If previously they selected entries independently from each other, now they decided to do it differently.
They split the whole submission period into 6 intervals. Those 6 intervals have the same amount of entries each, And then they randomly select the period.
Imagine you have a Roulette where there are 6 places for balls. Those 6 are the time intervals. The first interval (having those 2 days only) has 1/6 of all entries. The data from the forum shows that is true, 1/6 of all entries were submitted on 5th or 6th of October.
They randomly select the time interval. Separately for each region. There is 1/36 probability that 3 largest regions (Africa, Asia and Europe) would come on the same interval.
I could provide a second way of explaining it.
I would use a comparison that is not really appropriate for this case, sorry for this example, but it is easy to understand. Imagine you have a crazy person with a gun.
1. The gun shoots with individual shots. They put the crazy gut onto a rotating platform and spin. When the platform stops the crazy gut shoots. They repeat it 100000 times or so, That is the old algorithm, All 100000 shoots are random and independent.
2. This is now an automatic gun. They also spin the platform, just once, and when it stops, the gut shoots with the automatic weapon 100,000 times, not just once. That is why those 100,000 are close to each other. The results are still random. However, those 100,000 shots will be close to each other. That is the new algorithm. From mathematical point of view it is absolutely correct, and it would work in a casino well.

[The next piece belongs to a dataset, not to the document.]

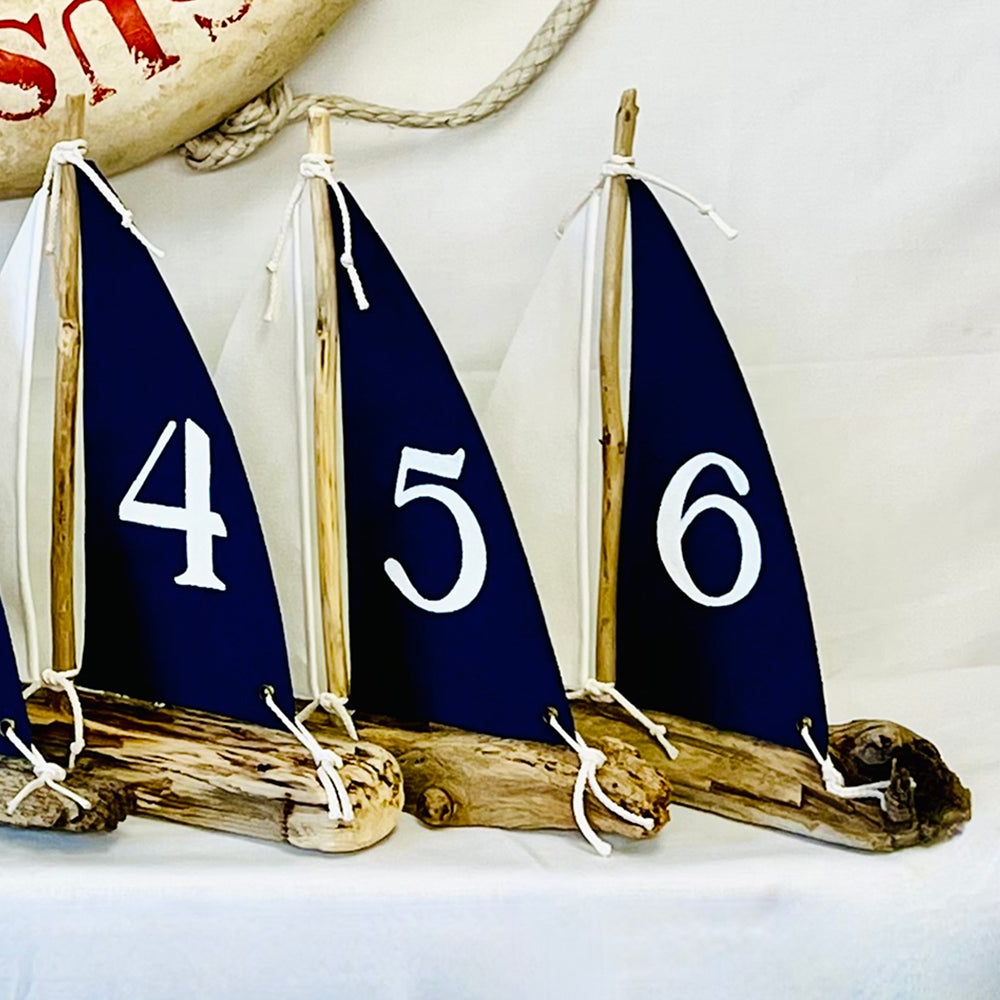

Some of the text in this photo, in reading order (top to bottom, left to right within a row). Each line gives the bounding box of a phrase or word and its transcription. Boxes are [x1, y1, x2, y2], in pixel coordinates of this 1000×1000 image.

[118, 418, 227, 591] 4
[383, 445, 488, 614] 5
[656, 451, 762, 608] 6

I think I described previously why this type of algorithm would work as an anti-fraud measure on two fronts.
1. Fighting non-genuine marriages. By having family wins separately they would eliminate the non-genuine marriage fraud, because husband and wife would be able to get visas independently from each other, not using a fake marriage they were put into on paper by a fraudulent company.

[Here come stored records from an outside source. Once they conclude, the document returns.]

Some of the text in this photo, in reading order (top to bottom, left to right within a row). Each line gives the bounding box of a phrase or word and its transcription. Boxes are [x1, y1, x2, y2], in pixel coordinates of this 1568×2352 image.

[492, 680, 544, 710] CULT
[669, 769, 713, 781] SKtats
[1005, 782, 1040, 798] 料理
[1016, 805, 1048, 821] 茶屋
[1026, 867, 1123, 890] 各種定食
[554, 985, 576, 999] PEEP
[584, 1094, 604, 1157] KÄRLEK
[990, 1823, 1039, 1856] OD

2. Tremendously increasing variance of income. That is like de-diversifying in investments. Investment into a particular investment mechanism would be here making a choice when to submit an entry. If the fraudulent company diversities, which means submits on all possible dates, they have about the same return, but lower risk. When it does not diversity, what means invests on particular day, the return is about the same, but the risk is much higher.
So, as I said:
1. This type of algorithm produces truly random results. Even though those results are not independent from each other (correlated).
2. The purpose of the algorithm could be anti-fraud measure, because it works like that.
And this algorithm would in fact produce wins on very specific dates.
Whether they had an error in this algorithm, is not clear – they could have an error implementing this algorithm, as in any algorithm. But if they did not have an error in it, it would produce wins exactly like we saw and it would work as an anti-fraud measure.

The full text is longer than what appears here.